Director: Thorold Dickinson
Interesting challenge this month at the ICM Forum, “smaller” Asian cinema, i.e. from Asian countries other than China, Japan and India. I’m not really sure how “smaller” is defined here, cos Hong Kong is OK for this challenge but I’d have thought its industry was pretty sizeable… same for South Korea, which is also eligible.Whatever. This means that, this month, I’m going to be looking at some areas of the world I don’t often (or ever) look at, including Israel, which is counted as part of “Asia” along with a few other places I’d consider mor “Middle East” than otherwise, but, again, whatever. It gave me a reason to finally scrub this, the first ever Israeli feature film, off the watchlist. (Tricky bastard to find a decent copy of, by the way; only today I found an actually fairly watchable version rather than the kind of shit one I’d had for a while.)

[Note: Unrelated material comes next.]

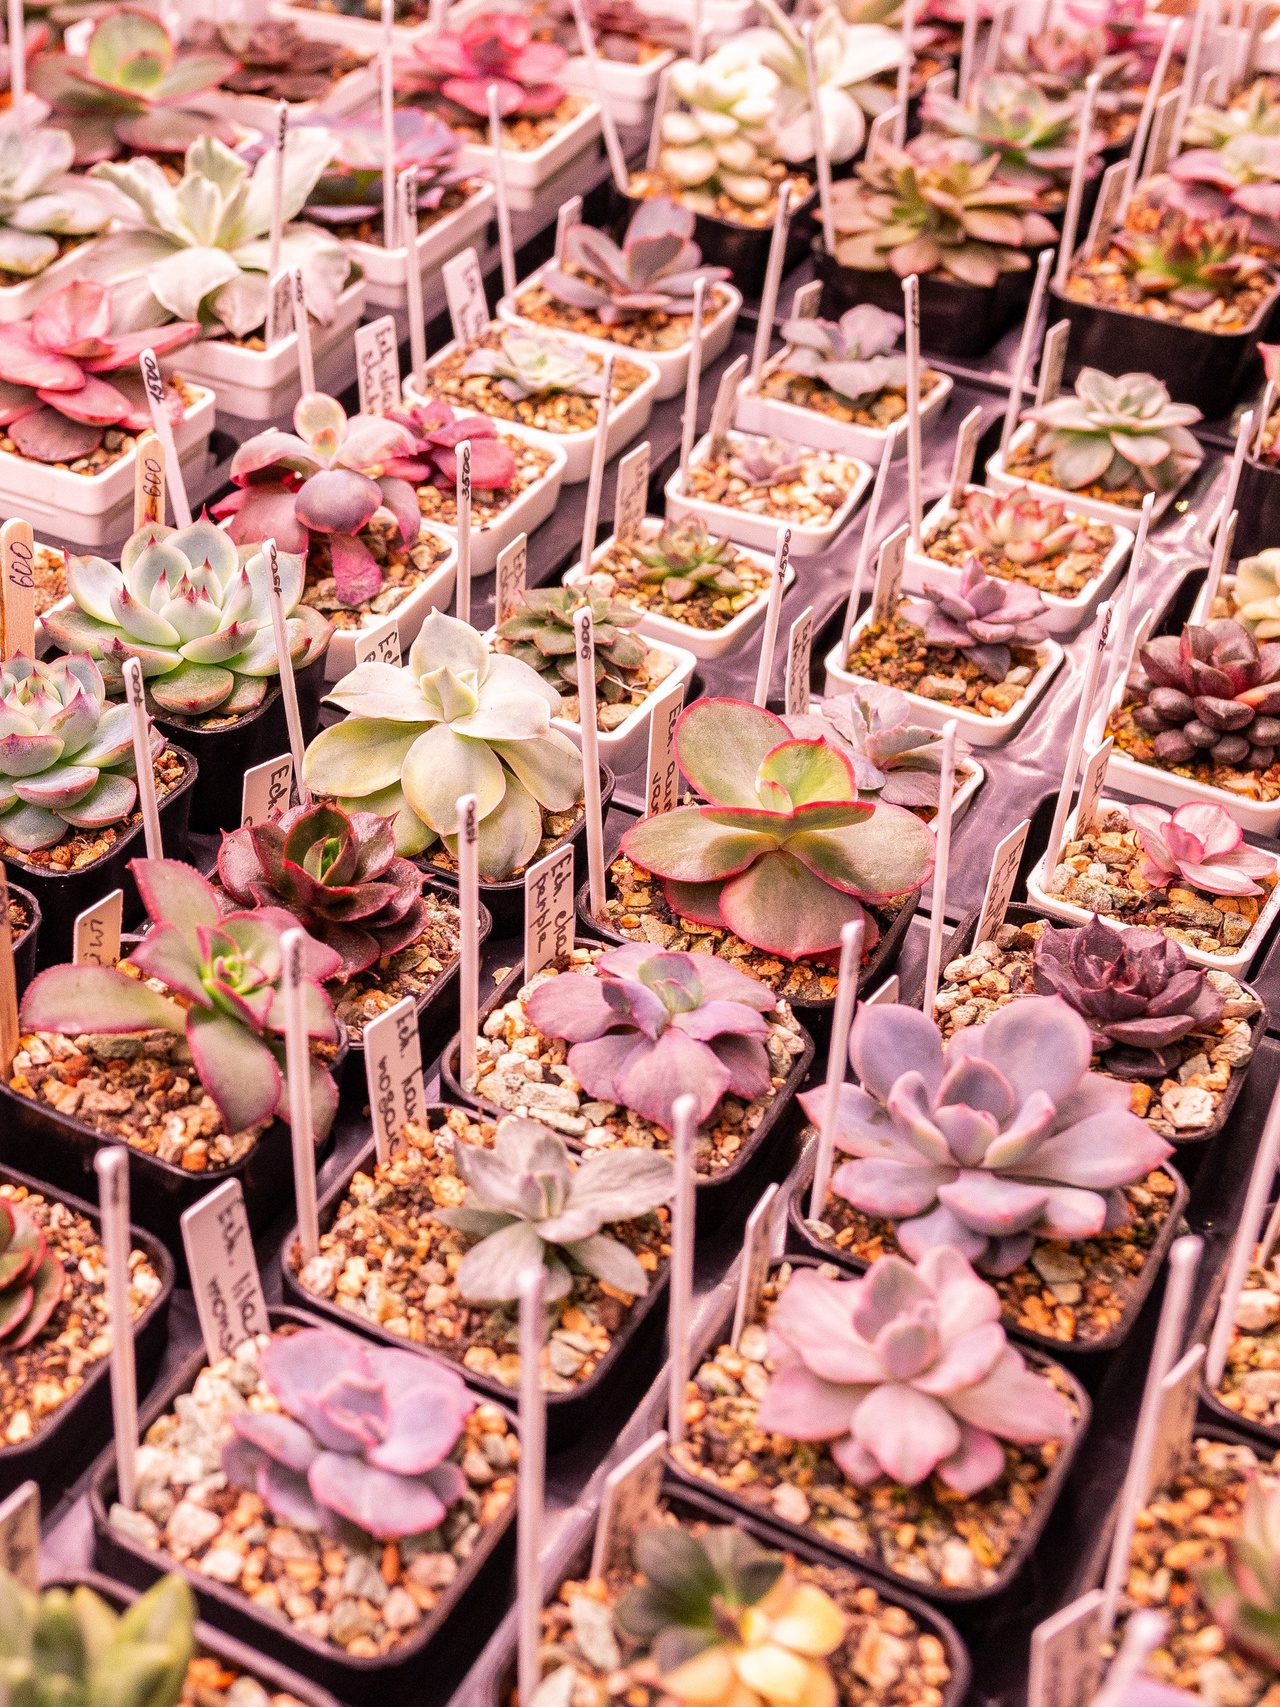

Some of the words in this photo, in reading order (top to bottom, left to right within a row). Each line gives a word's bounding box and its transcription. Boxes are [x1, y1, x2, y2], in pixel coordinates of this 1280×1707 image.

It almost feels like a cheat, though, calling it “Israeli”. I mean, it is, but the director was English, two of the main performers were Irish and American, and almost the entire film is in English. I somehow suspect it wasn’t aimed primarily at local audiences, though. The film acknowledges the controversial nature of the formation of the state of Israel in 1948, but I can only remember one point where the possibility that the Arabs might have their own opinions about all these survivors of that other war that had recently finished suddenly getting their own country after Britain washed its hands of the lot of them. And that encounters ends with the Arab man pushing the American character (who’s rediscovered his Judaism while touring the area) into a swimming pool. Basically, Hill 24 is propaganda without much subtlety, and I have a feeling it was aimed more at international audiences than Israeli ones, trying to justify Israel’s battles for its own existence against those shifty Arabs who’ll push you into a swimming pool as soon as look at you. Told in the form of three flashbacks by three soldiers for the Israeli forces sent to capture a particular hill before the Arabs can claim it, two of them about how they came to be involved, and the third which, in its way, is the most interesting, cos it describes how the soldier had recently encountered an escaped Nazi now fighting for the Egyptians who begs for his life by asking him not to do what the Nazis did to the Jews. I know some people who are less friendly towards Israel than myself who would find that statement bitterly ironic. On the whole, it’s wartime melodrama whose interest is, I suspect, mainly historical (in 1955 I imagine it must’ve struck foreign audiences as somewhat exotic), and your enjoyment may depend on just how much propaganda you can handle.